Data for this exercise section start

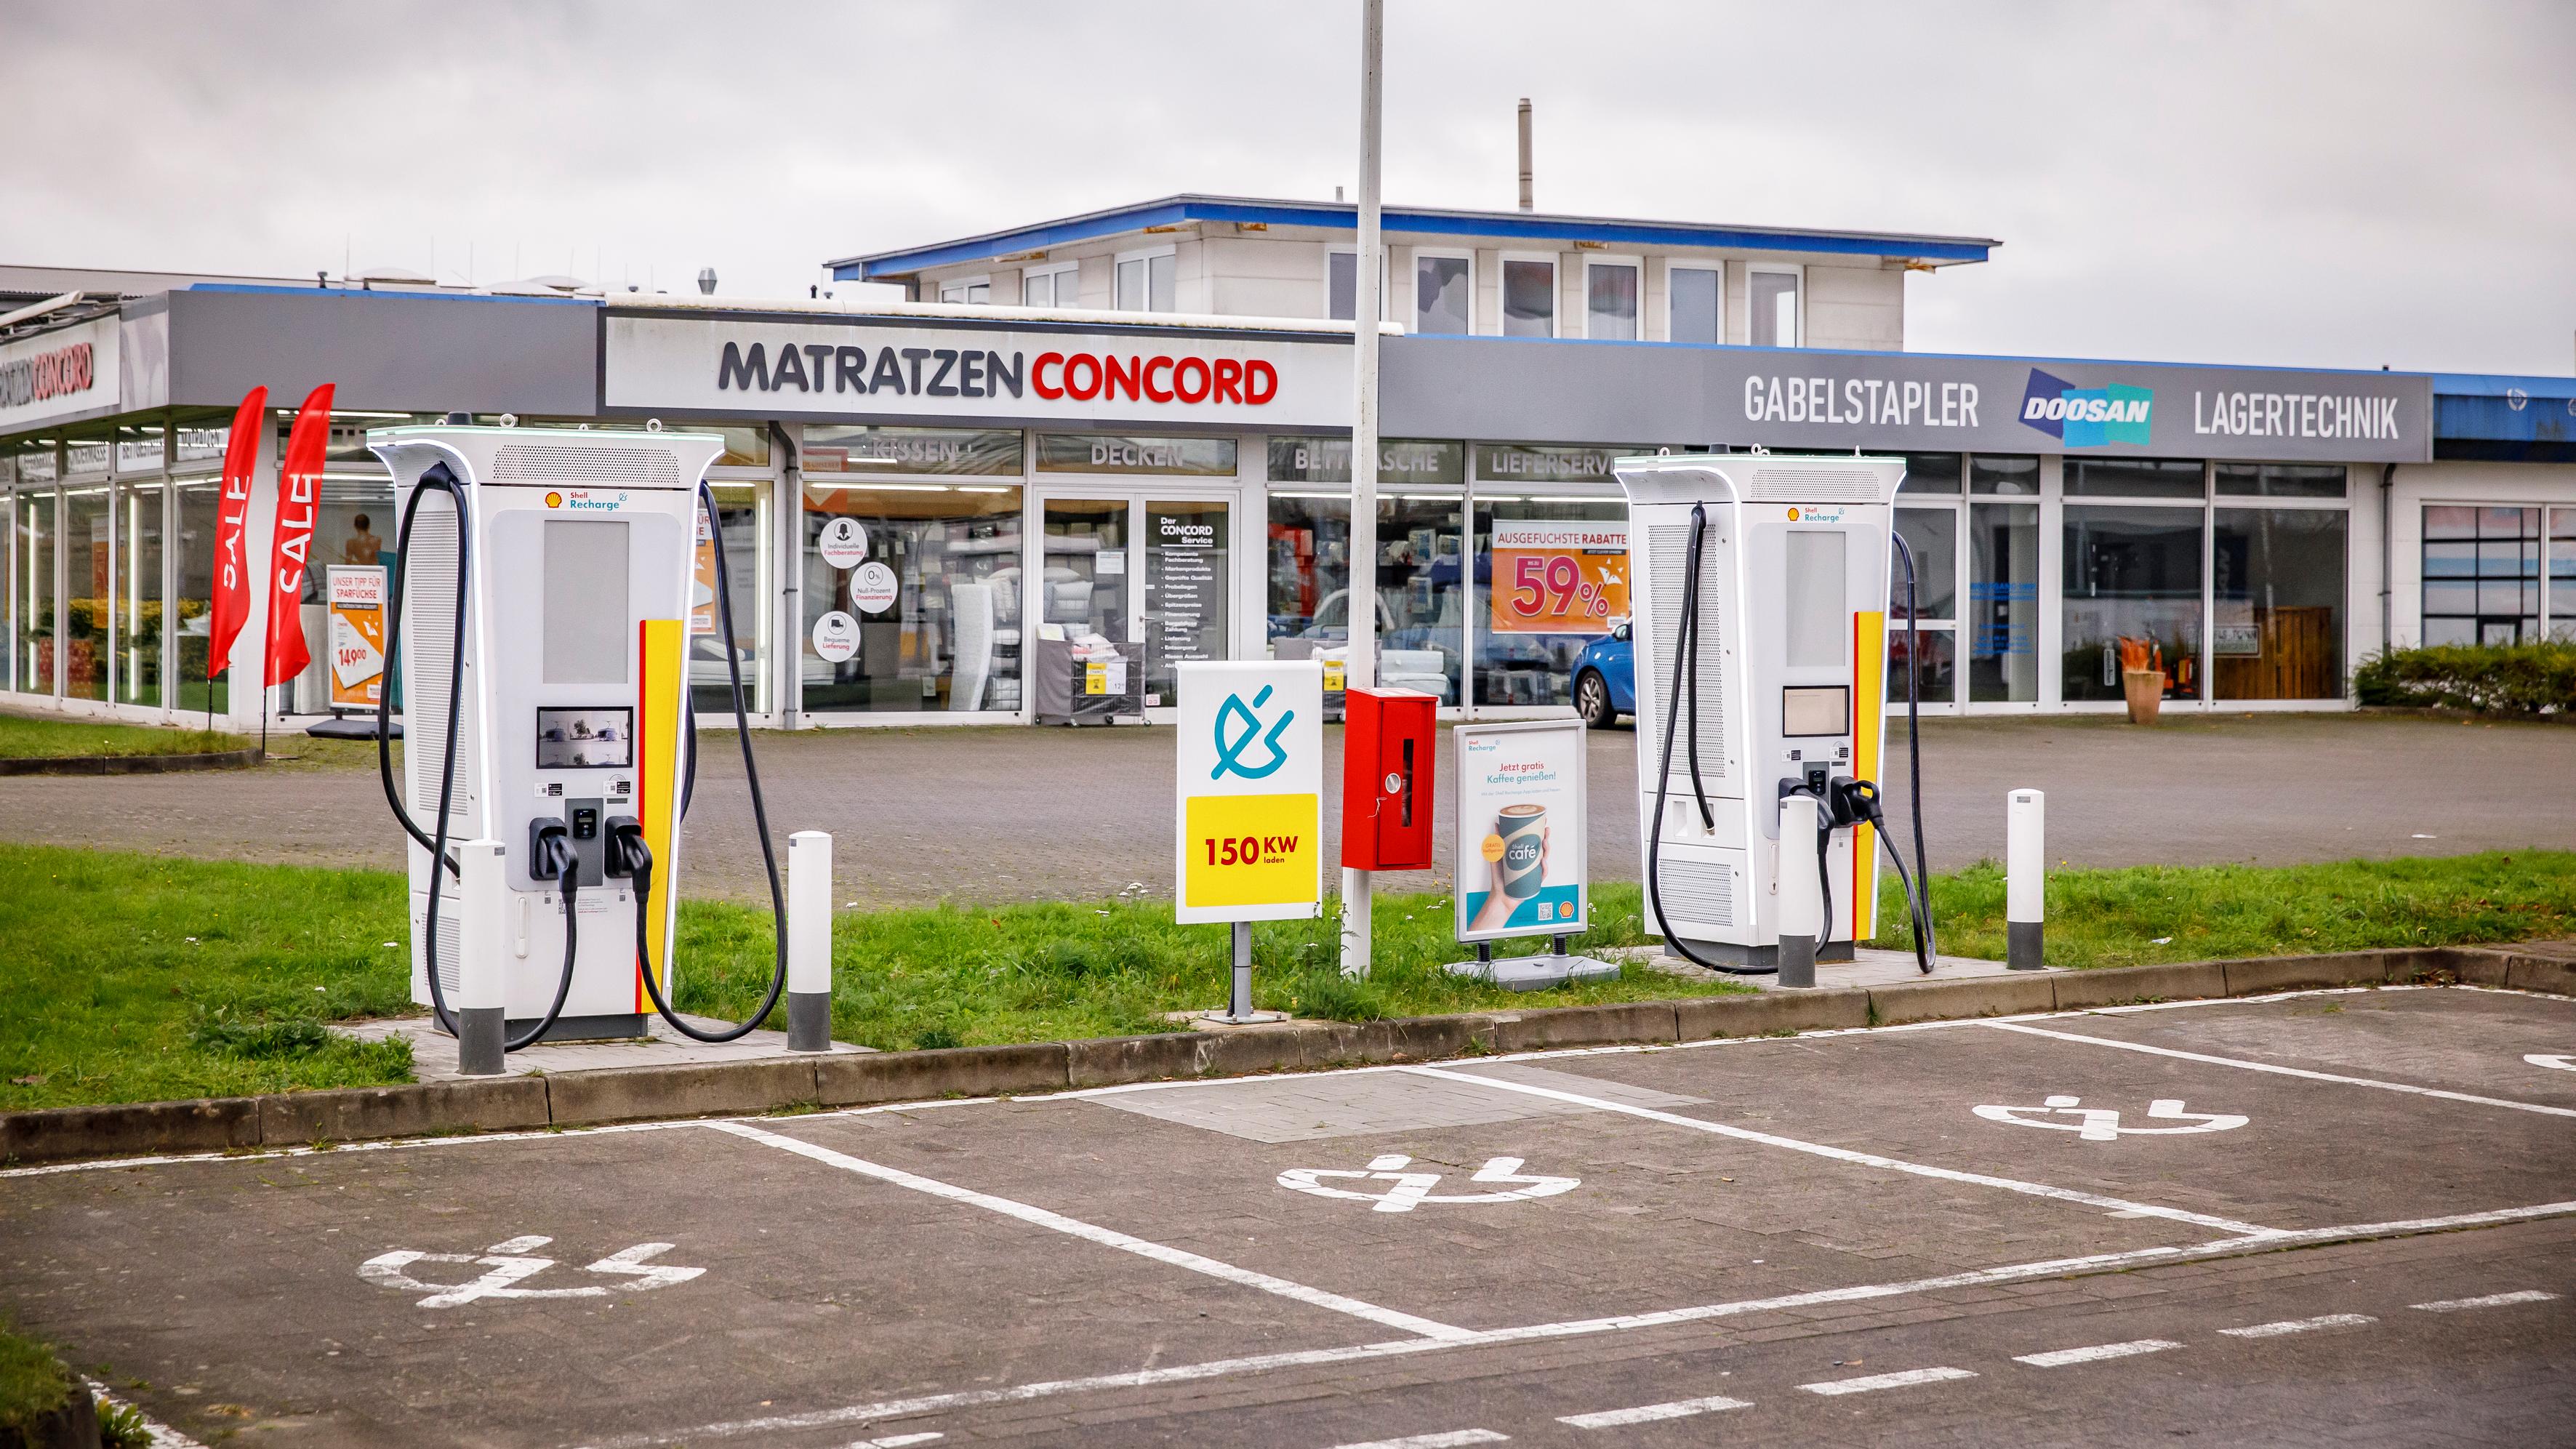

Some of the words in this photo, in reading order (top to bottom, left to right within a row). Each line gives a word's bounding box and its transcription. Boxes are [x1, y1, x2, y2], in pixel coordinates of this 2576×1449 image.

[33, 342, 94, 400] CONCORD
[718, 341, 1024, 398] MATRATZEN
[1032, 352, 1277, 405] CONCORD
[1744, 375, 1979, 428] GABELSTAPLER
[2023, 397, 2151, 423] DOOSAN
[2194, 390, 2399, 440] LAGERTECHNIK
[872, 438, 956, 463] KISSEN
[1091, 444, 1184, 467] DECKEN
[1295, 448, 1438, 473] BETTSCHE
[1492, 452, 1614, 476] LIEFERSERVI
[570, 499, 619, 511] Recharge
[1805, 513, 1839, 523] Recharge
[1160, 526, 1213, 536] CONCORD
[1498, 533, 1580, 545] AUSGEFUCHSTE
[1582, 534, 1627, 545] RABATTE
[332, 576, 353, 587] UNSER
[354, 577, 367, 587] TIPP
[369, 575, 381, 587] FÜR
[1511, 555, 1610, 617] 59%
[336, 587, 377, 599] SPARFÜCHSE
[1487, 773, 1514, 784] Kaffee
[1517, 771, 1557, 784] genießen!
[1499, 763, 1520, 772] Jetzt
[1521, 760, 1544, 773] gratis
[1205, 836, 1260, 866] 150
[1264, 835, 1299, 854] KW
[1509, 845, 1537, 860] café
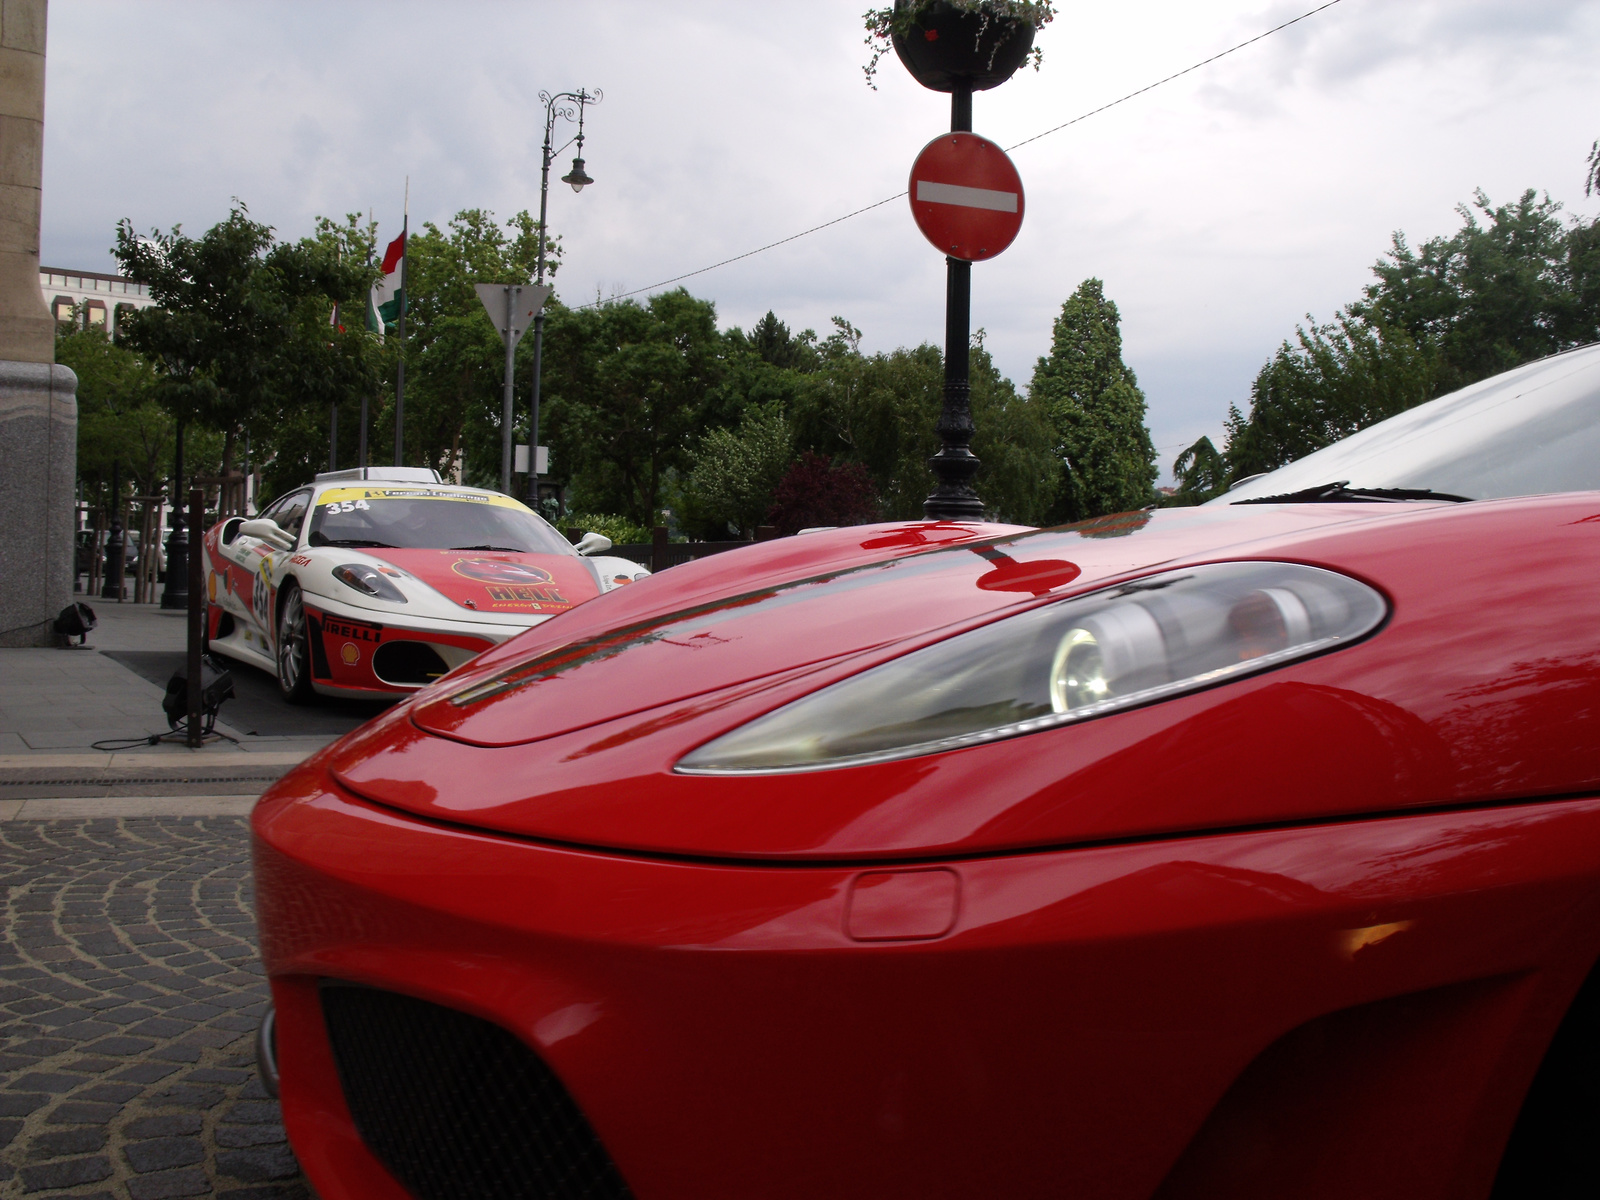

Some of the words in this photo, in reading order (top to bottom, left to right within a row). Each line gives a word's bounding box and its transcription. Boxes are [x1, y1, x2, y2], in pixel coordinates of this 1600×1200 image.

Data for this exercise section end

▸ **Task brief**: Would you reproduce the listing above in full and exactly, without its pictures?

▸ **Task output**:
Some of the words in this photo, in reading order (top to bottom, left to right within a row). Each line gives a word's bounding box and its transcription. Boxes are [x1, y1, x2, y2], in pixel coordinates of this 2576×1449 image.

[33, 342, 94, 400] CONCORD
[718, 341, 1024, 398] MATRATZEN
[1032, 352, 1277, 405] CONCORD
[1744, 375, 1979, 428] GABELSTAPLER
[2023, 397, 2151, 423] DOOSAN
[2194, 390, 2399, 440] LAGERTECHNIK
[872, 438, 956, 463] KISSEN
[1091, 444, 1184, 467] DECKEN
[1295, 448, 1438, 473] BETTSCHE
[1492, 452, 1614, 476] LIEFERSERVI
[570, 499, 619, 511] Recharge
[1805, 513, 1839, 523] Recharge
[1160, 526, 1213, 536] CONCORD
[1498, 533, 1580, 545] AUSGEFUCHSTE
[1582, 534, 1627, 545] RABATTE
[332, 576, 353, 587] UNSER
[354, 577, 367, 587] TIPP
[369, 575, 381, 587] FÜR
[1511, 555, 1610, 617] 59%
[336, 587, 377, 599] SPARFÜCHSE
[1487, 773, 1514, 784] Kaffee
[1517, 771, 1557, 784] genießen!
[1499, 763, 1520, 772] Jetzt
[1521, 760, 1544, 773] gratis
[1205, 836, 1260, 866] 150
[1264, 835, 1299, 854] KW
[1509, 845, 1537, 860] café

Some of the words in this photo, in reading order (top to bottom, left to right within a row). Each line gives a word's bounding box and its transcription. Boxes are [x1, y1, x2, y2], in pixel coordinates of this 1600×1200 image.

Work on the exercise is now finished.